What is needed = Each record below must be reproduced exactly as it reads, with its images omitted.

Given records =
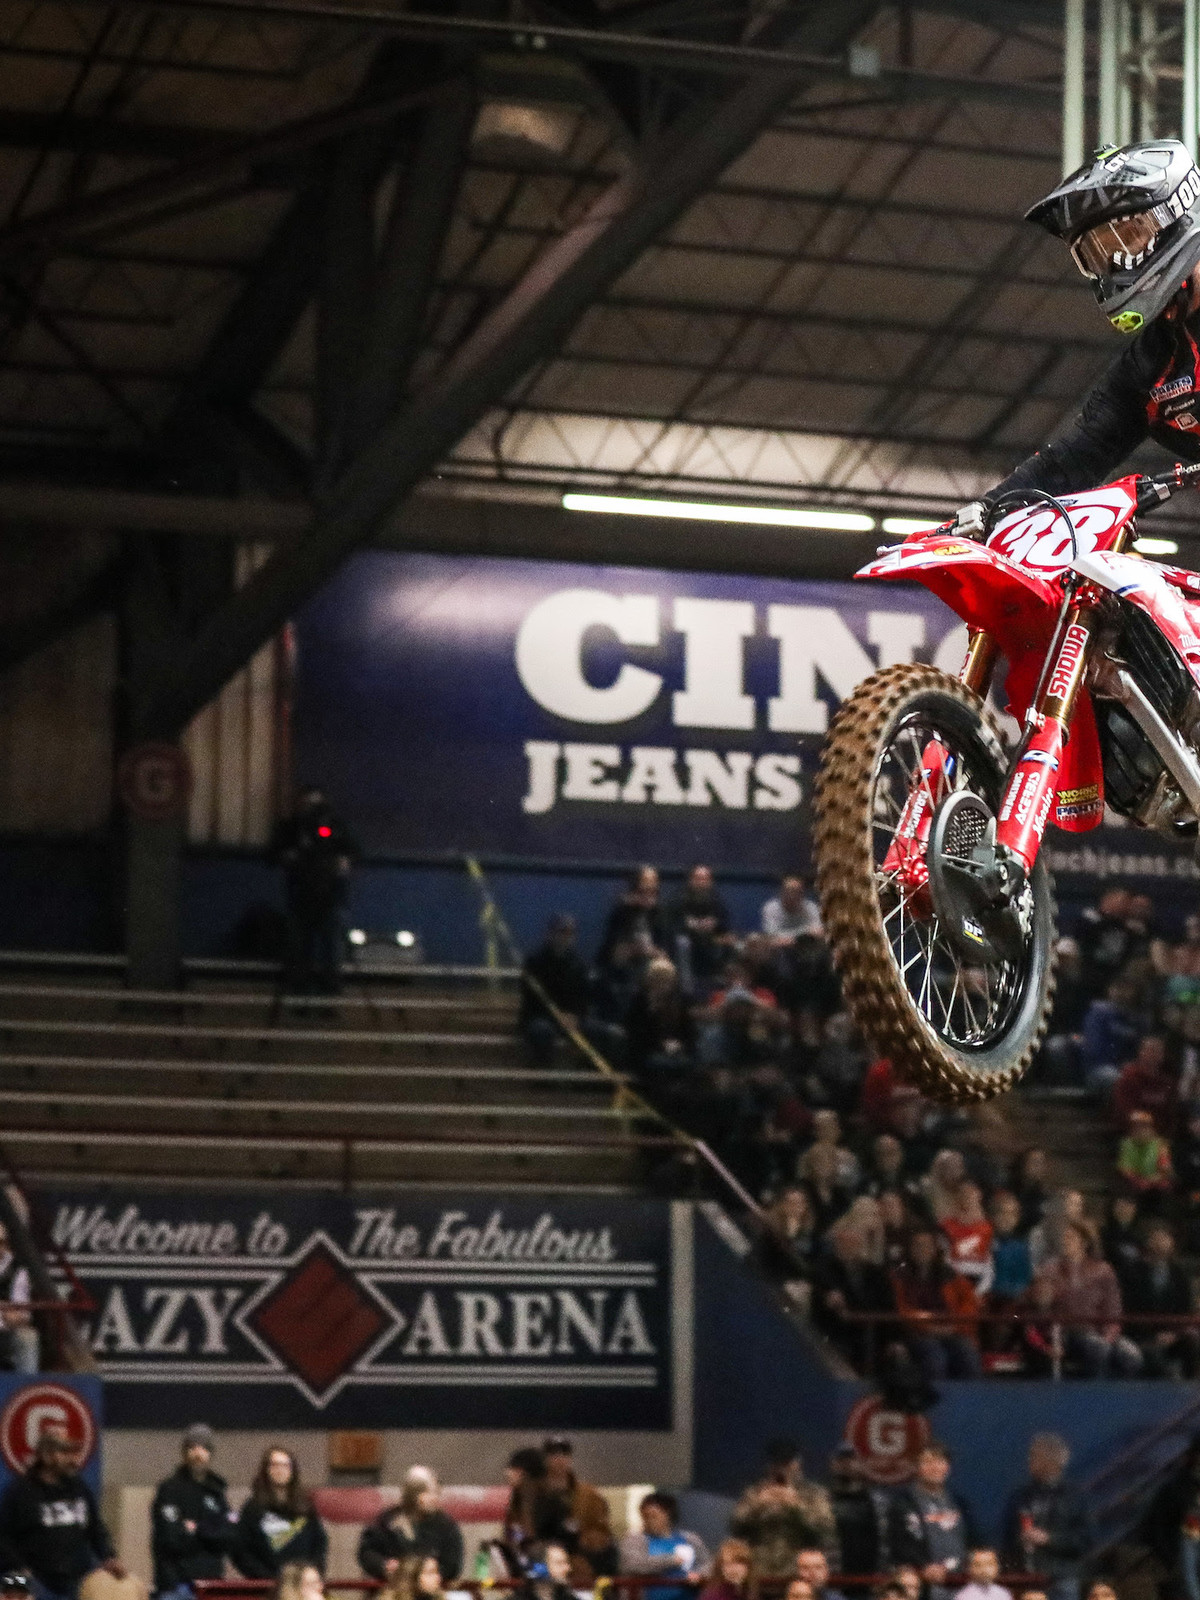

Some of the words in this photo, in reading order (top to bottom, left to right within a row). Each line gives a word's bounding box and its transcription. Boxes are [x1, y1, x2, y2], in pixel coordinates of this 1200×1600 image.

[1001, 507, 1116, 567] 38
[514, 590, 985, 733] CIN
[1050, 626, 1087, 699] SHOWA
[522, 741, 801, 814] JEANS
[1015, 771, 1041, 826] ACERBIS
[964, 921, 983, 937] DP
[52, 1204, 237, 1252] Welcome
[249, 1211, 288, 1251] to
[352, 1209, 420, 1254] The
[429, 1210, 617, 1261] Fabulous
[402, 1291, 655, 1355] ARENA
[868, 1412, 906, 1456] G

The answer =
Some of the words in this photo, in reading order (top to bottom, left to right within a row). Each line gives a word's bounding box and its transcription. Boxes are [x1, y1, x2, y2], in pixel coordinates of this 1200×1600 image.

[1001, 507, 1116, 567] 38
[514, 590, 985, 733] CIN
[1050, 626, 1087, 699] SHOWA
[522, 741, 801, 814] JEANS
[1015, 771, 1041, 826] ACERBIS
[964, 921, 983, 937] DP
[52, 1204, 237, 1252] Welcome
[249, 1211, 288, 1251] to
[352, 1209, 420, 1254] The
[429, 1210, 617, 1261] Fabulous
[402, 1291, 655, 1355] ARENA
[868, 1412, 906, 1456] G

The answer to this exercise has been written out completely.